● EXERCISE OBJECTIVE: Keep the pictures out while you transcribe the listing below exactly.

● DATA UNDER STUDY:
_ _ _

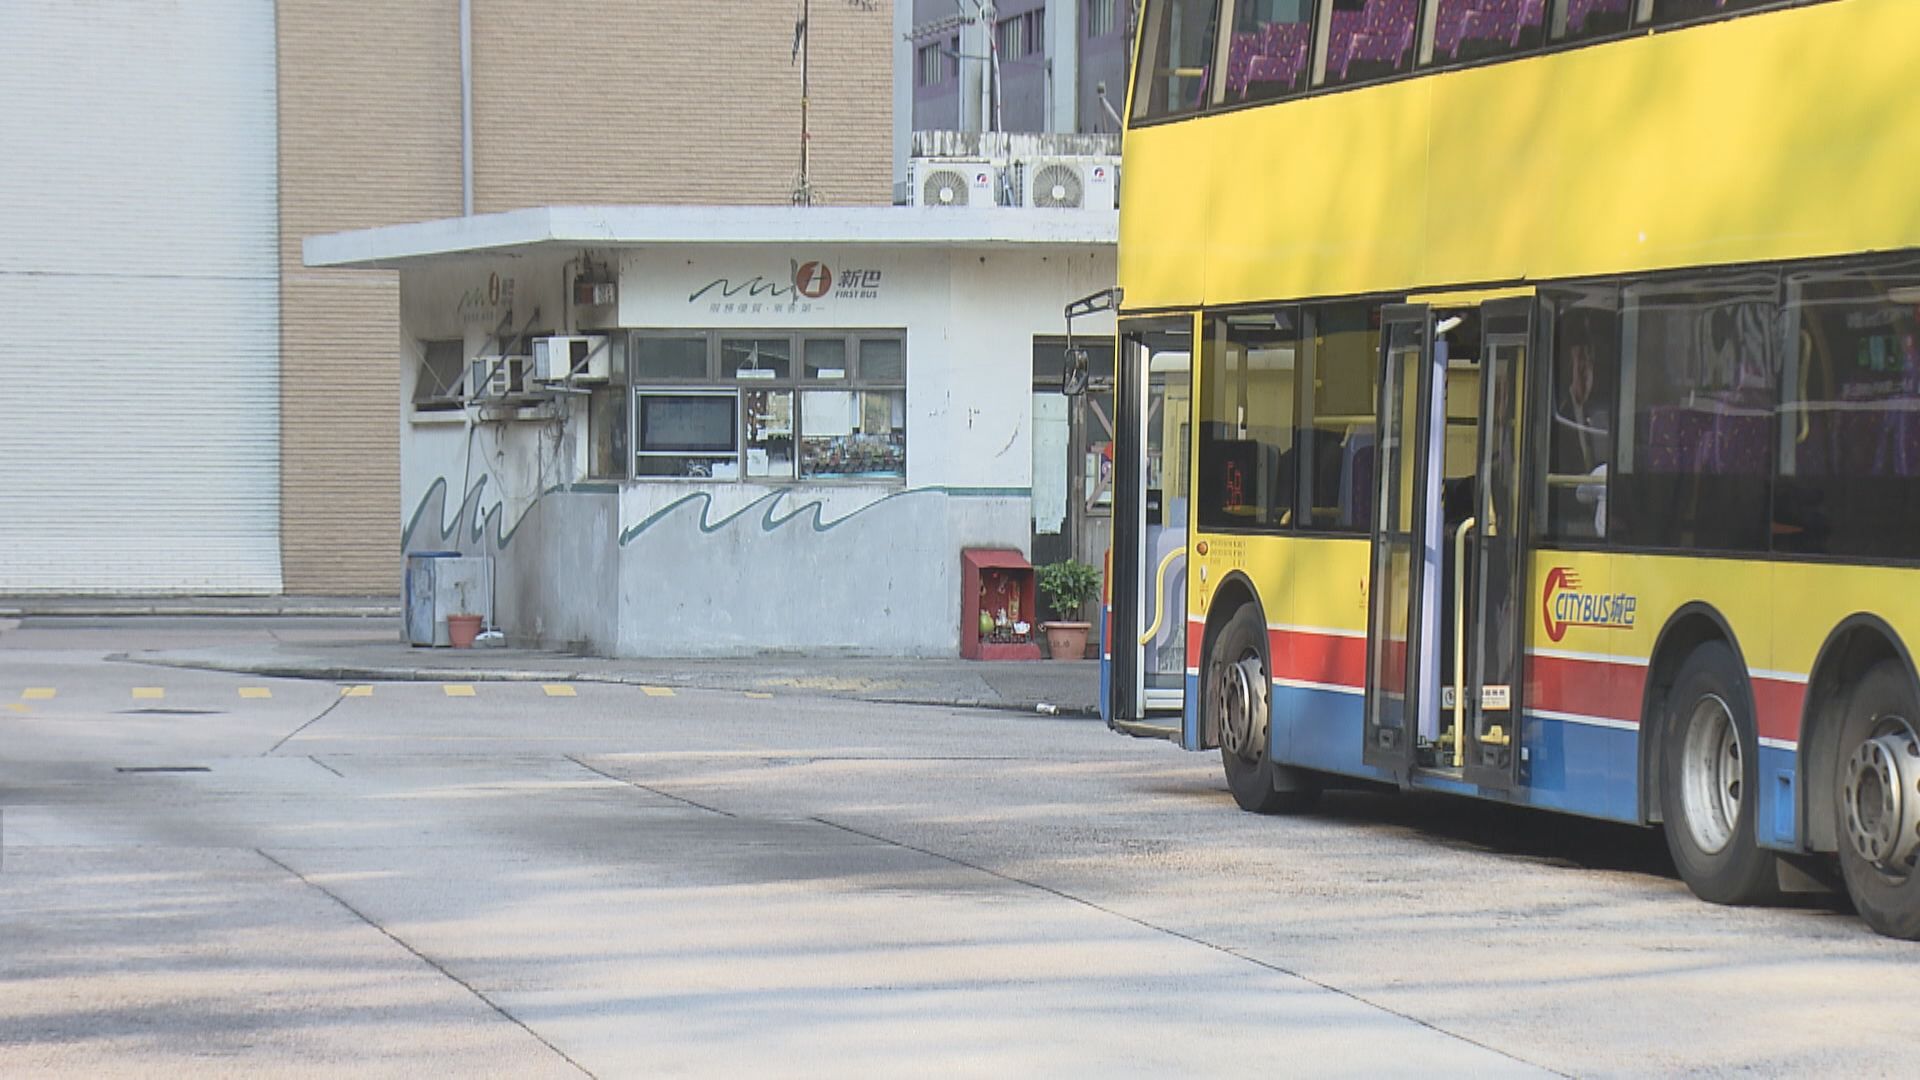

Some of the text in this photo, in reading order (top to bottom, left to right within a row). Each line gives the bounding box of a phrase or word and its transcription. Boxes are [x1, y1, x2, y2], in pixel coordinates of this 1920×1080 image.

[838, 269, 882, 288] 新巴
[835, 290, 878, 299] FIRST BUS
[1555, 592, 1611, 623] CITYBUS
[1611, 592, 1637, 625] 城巴

_ _ _

● RESPONSE FOR THIS EXERCISE:
Some of the text in this photo, in reading order (top to bottom, left to right within a row). Each line gives the bounding box of a phrase or word and its transcription. Boxes are [x1, y1, x2, y2], in pixel coordinates of this 1920×1080 image.

[838, 269, 882, 288] 新巴
[835, 290, 878, 299] FIRST BUS
[1555, 592, 1611, 623] CITYBUS
[1611, 592, 1637, 625] 城巴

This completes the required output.